[Work request]: Wherever the string "Justiça" turns up in the data, copy the whole line.
Supplied material section start
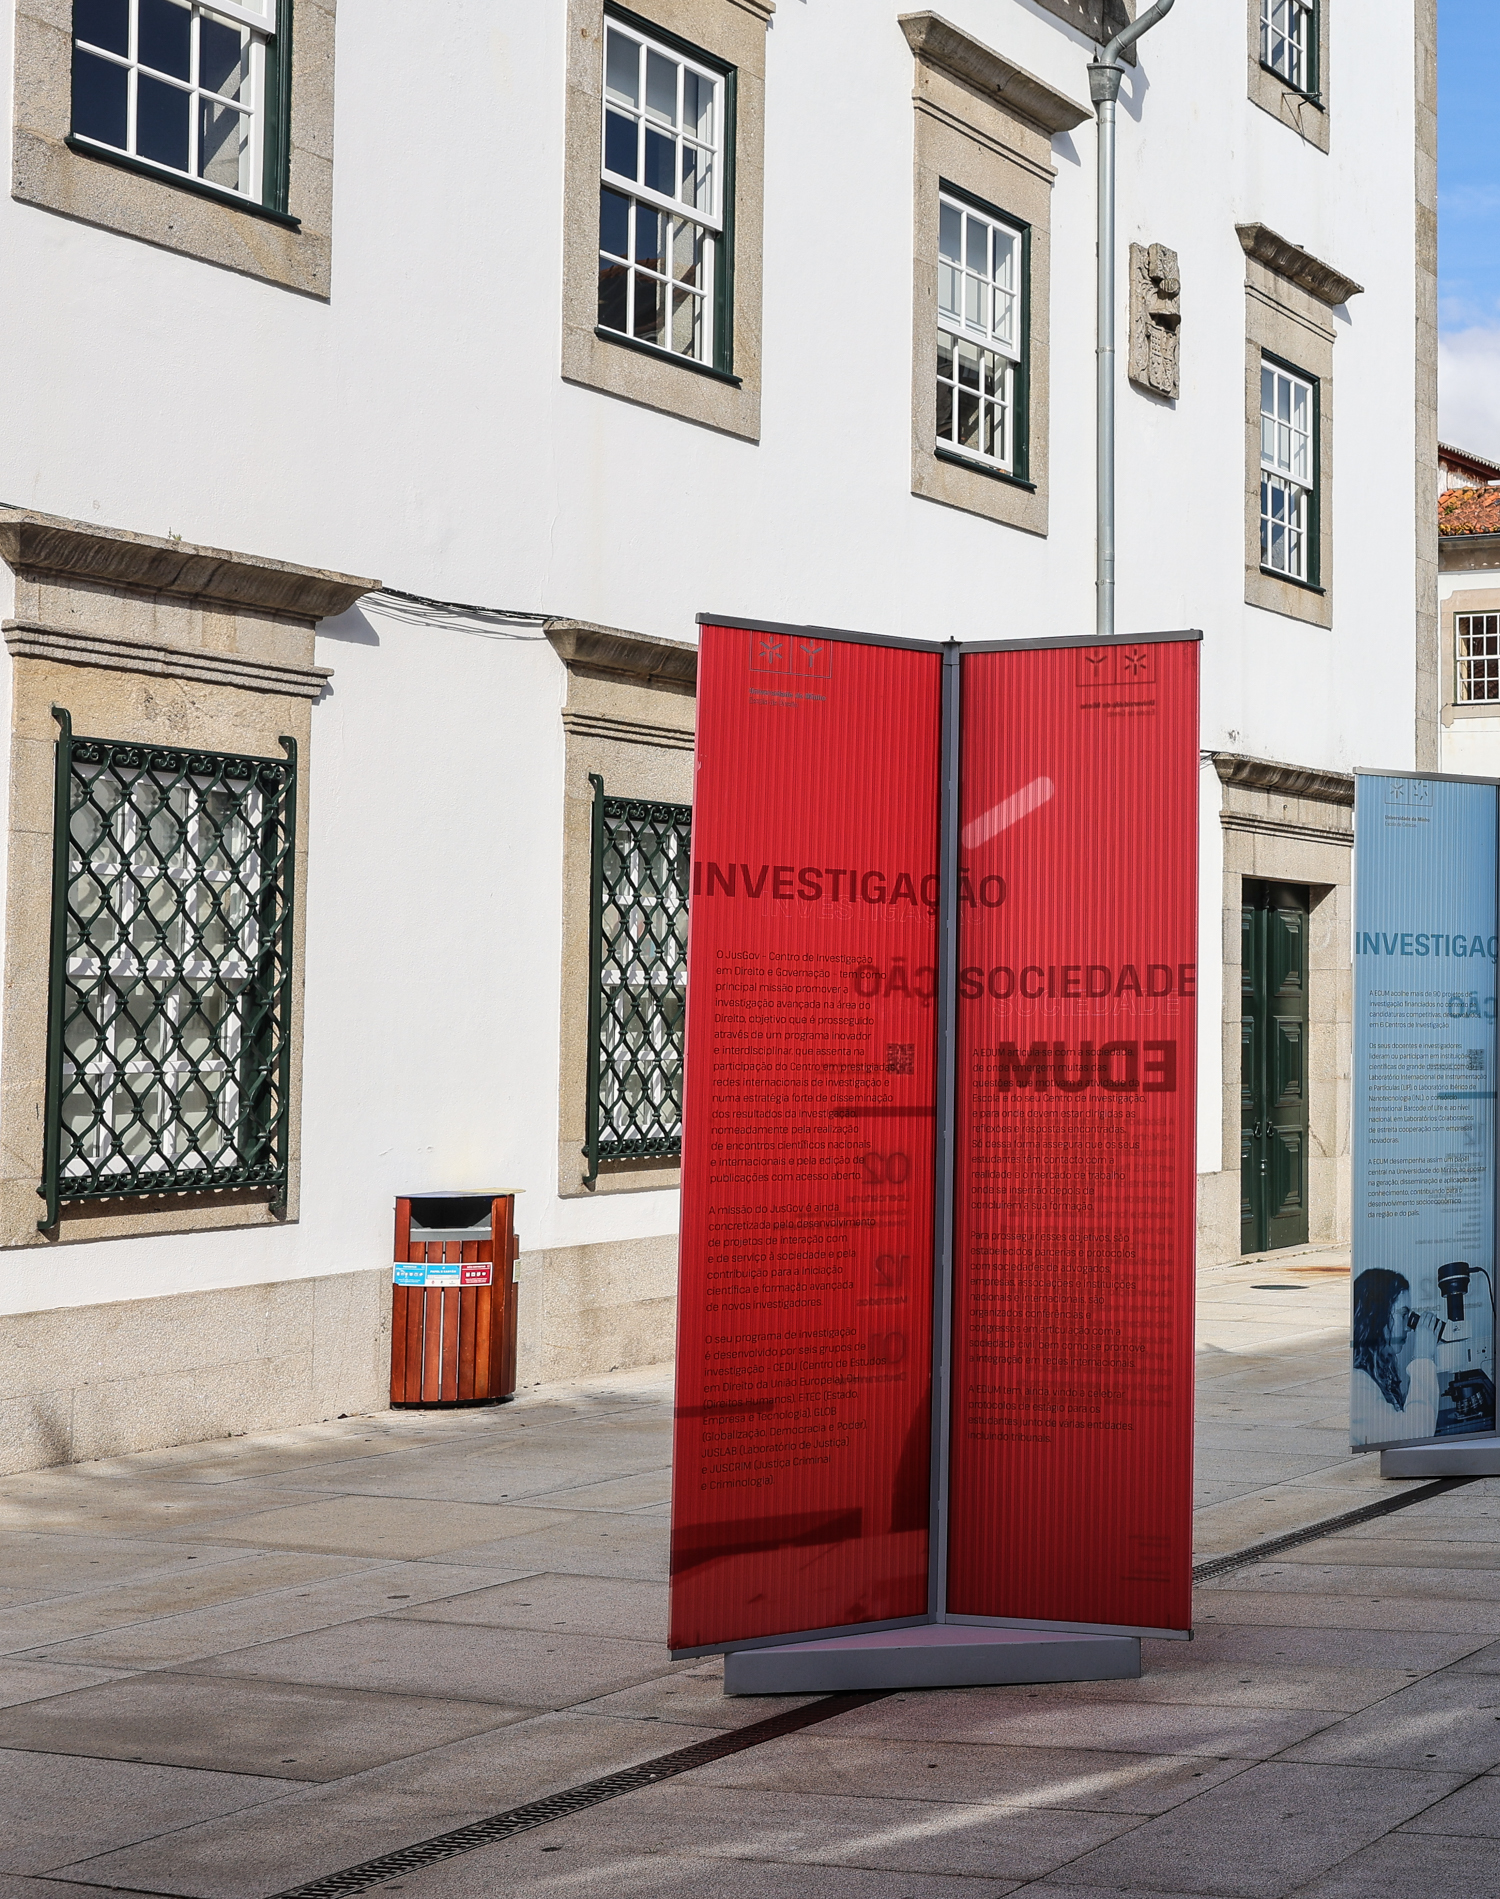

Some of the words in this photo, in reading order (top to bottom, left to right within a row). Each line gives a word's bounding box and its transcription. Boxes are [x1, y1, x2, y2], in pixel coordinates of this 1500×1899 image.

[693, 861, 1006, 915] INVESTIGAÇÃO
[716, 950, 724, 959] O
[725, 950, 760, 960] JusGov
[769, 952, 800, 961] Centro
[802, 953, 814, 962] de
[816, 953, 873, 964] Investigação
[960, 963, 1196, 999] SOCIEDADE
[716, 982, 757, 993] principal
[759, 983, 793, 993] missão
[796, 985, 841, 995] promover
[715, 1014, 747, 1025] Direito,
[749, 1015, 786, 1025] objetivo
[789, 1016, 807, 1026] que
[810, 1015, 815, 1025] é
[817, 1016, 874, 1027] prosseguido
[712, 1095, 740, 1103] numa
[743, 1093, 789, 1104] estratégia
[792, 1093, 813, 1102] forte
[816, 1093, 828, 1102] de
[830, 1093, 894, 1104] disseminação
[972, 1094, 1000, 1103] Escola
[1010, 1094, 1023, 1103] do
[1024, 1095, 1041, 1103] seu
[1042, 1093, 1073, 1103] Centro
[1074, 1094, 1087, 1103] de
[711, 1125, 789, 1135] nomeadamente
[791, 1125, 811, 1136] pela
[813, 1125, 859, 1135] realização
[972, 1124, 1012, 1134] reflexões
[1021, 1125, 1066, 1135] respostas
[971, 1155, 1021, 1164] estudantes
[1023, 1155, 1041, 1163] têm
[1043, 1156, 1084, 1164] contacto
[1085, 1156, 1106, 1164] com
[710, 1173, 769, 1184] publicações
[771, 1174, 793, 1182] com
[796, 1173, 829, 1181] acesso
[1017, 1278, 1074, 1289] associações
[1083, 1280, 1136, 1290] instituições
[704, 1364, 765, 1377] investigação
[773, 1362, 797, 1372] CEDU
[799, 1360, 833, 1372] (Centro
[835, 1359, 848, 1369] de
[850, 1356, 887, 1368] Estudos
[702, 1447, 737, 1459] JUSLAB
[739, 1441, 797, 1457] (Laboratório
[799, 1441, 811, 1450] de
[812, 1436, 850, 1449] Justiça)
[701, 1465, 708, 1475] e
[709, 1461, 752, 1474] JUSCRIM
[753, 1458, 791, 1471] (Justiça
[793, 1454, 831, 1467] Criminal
Supplied material section end
[Worked solution]:
[812, 1436, 850, 1449] Justiça)
[753, 1458, 791, 1471] (Justiça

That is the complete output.